The timing of the leak – ahead of a meeting between China’s top foreign affairs official Yang Jiechi and US National Security Advisor Jake Sullivan in Rome on Monday night AEDT – may have been designed to force China into making its position clear.

“We will ensure that neither China nor anyone else, can compensate Russia for these losses,” Sullivan told NBC on Sunday.

Russian President Vladimir Putin and Chinese President Xi Jinping.Credit:AP

Beijing has spent the past month prevaricating. It says it is deeply concerned about the fate of Ukrainians, but will not label Putin’s invasion a war. It accuses NATO and the US of starting the conflict but says Russia’s false claims of Nazis running Ukraine are part of a “complex historical environment”. On Sunday, China closed the Paralympic Games in Beijing in the same stadium that six weeks earlier had hosted Xi and Putin and their plan for a new world order based on “peaceful and gradual development”.

It remains unclear if Xi knew the full extent of Putin’s plans on that cold night in February, but he does now – and some believe China’s time to take a position is running out. Europe and the US are tired of Xi sitting with one leg inside the Russian fence.

“At present, it is estimated that there is still a window period of one or two weeks before China loses its wiggle room,” said Hu Wei, the deputy director of the Public Policy Research Centre at China’s State Council’s Counsellors’ Office. “China must act decisively.”

The comments, published on WeChat before being censored and then republished on the US-China Perception Monitor on Monday, are part of a growing debate within China about its role in the Ukraine war as it moves from global challenger to superpower.

“China should rejoice with and even support Putin, but only if Russia does not fall.
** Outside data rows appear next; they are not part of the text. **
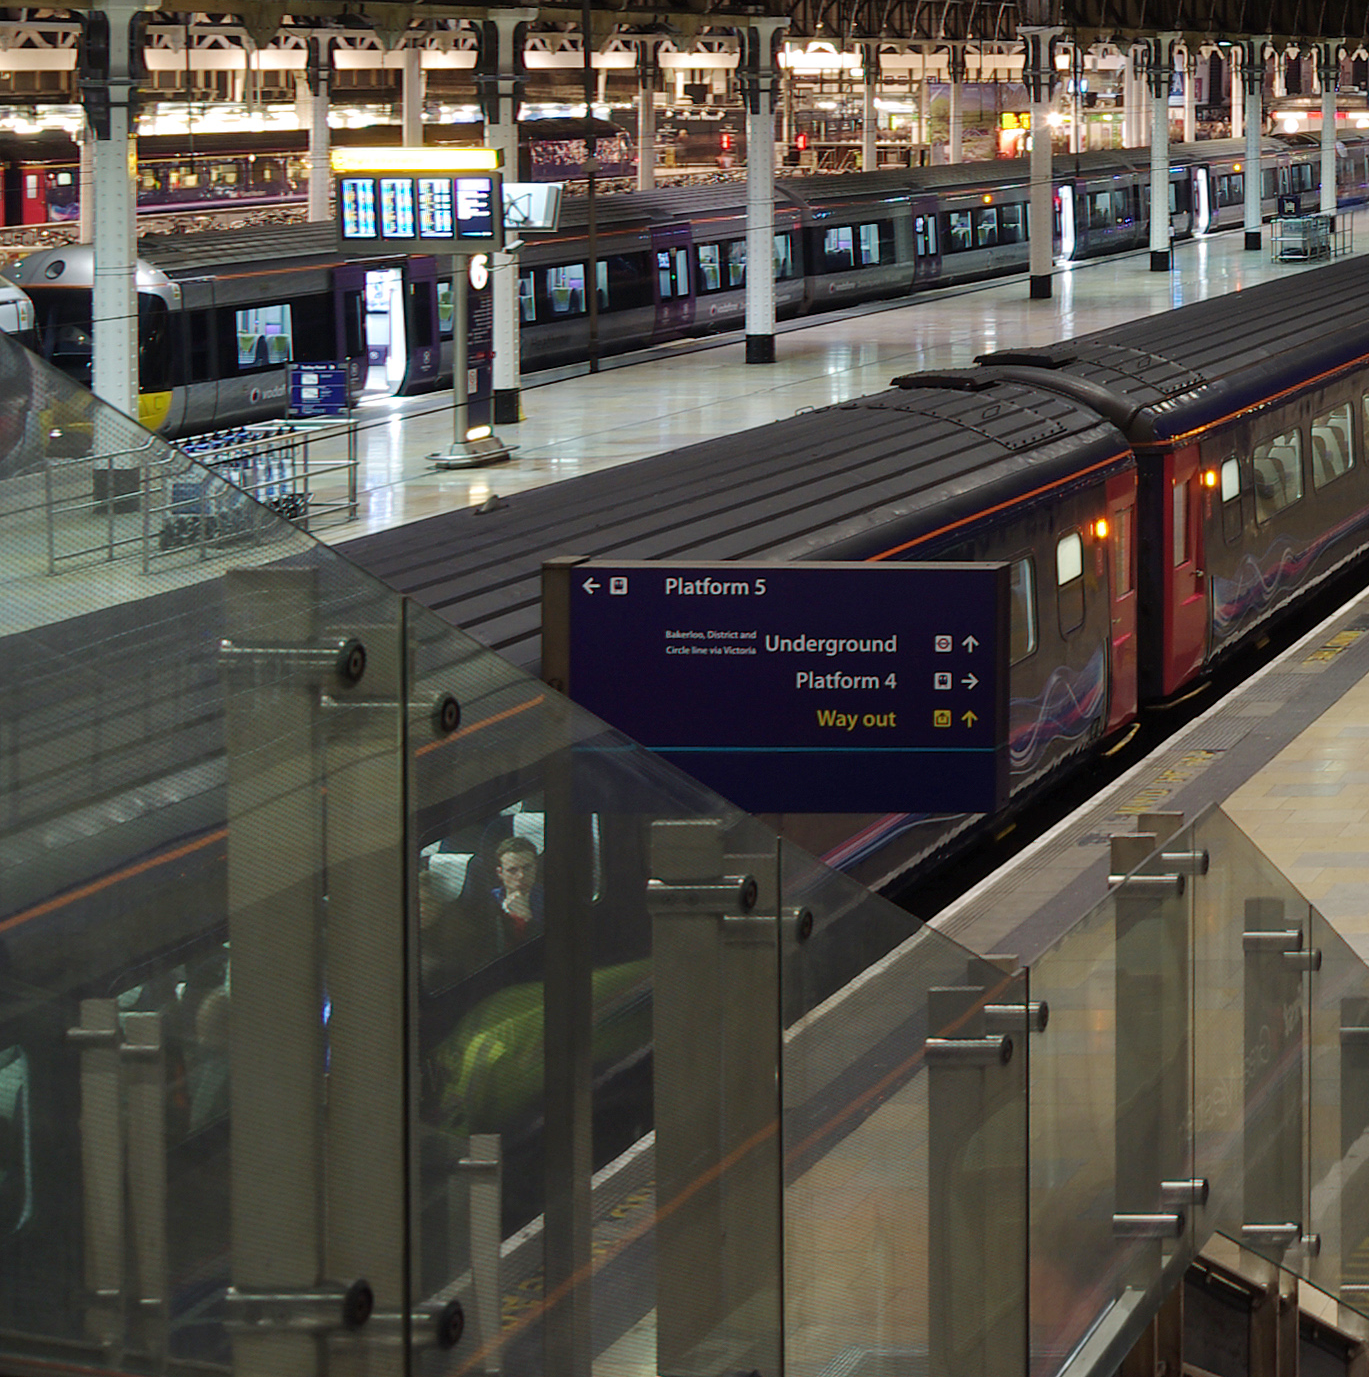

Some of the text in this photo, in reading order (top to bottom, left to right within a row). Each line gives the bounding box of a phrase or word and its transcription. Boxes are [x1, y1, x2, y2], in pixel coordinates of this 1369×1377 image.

[470, 253, 488, 290] 6
[665, 576, 767, 595] Platform 5
[665, 629, 758, 640] Bakerloo, District and
[665, 645, 757, 654] Circle line via Victoria
[765, 633, 898, 657] Underground
[796, 670, 898, 689] Platform 4
[816, 709, 897, 731] Way out
Being in the same boat with Putin will impact China should he lose power,” said Hu. “Unless Putin can secure victory with China’s backing, a prospect which looks bleak at the moment, China does not have the clout to back Russia.”
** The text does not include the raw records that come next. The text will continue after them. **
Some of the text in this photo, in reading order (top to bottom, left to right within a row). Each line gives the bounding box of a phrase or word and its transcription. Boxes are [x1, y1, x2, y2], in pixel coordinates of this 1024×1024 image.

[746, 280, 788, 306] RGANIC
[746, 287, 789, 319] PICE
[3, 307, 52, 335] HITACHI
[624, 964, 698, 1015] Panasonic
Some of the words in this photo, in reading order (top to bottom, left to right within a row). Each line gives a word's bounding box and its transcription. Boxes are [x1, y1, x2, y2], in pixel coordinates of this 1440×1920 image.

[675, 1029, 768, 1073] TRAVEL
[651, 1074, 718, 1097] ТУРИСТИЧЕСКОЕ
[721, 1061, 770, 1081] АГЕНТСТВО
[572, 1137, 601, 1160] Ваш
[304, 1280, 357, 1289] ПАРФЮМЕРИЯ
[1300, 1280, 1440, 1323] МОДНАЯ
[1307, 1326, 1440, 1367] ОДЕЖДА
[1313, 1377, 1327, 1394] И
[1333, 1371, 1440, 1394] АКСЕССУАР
If Putin fails and Russia loses its great power status, that will leave China encircled by NATO, the QUAD, AUKUS. Economically and militarily – it needs more time.

“China can only proceed by safeguarding its own best interests, choosing the lesser of two evils, and unloading the burden of Russia as soon as possible,” said Hu.

China may also be pursuing a much longer game than many Western timelines allow.

In 1937 Japan invaded China. The Sino-Japanese war forced a temporary pause to hostilities between the guerillas in the Chinese Communist Party [CCP] and the Nationalist Kuomintang [KMT] who governed China at the time. The Communist Party let the KMT do most of the fighting, while they hid in the mountains and regrouped. Only three per cent of the casualties were from the CCP in 1939, according to a note sent to Josef Stalin by Chinese revolutionary Zhou Enlai.

The KMT finished the war decimated, by 1949 China was ruled by the CCP.

The US may be waiting a lot longer than Monday to find out the answers it wants to hear.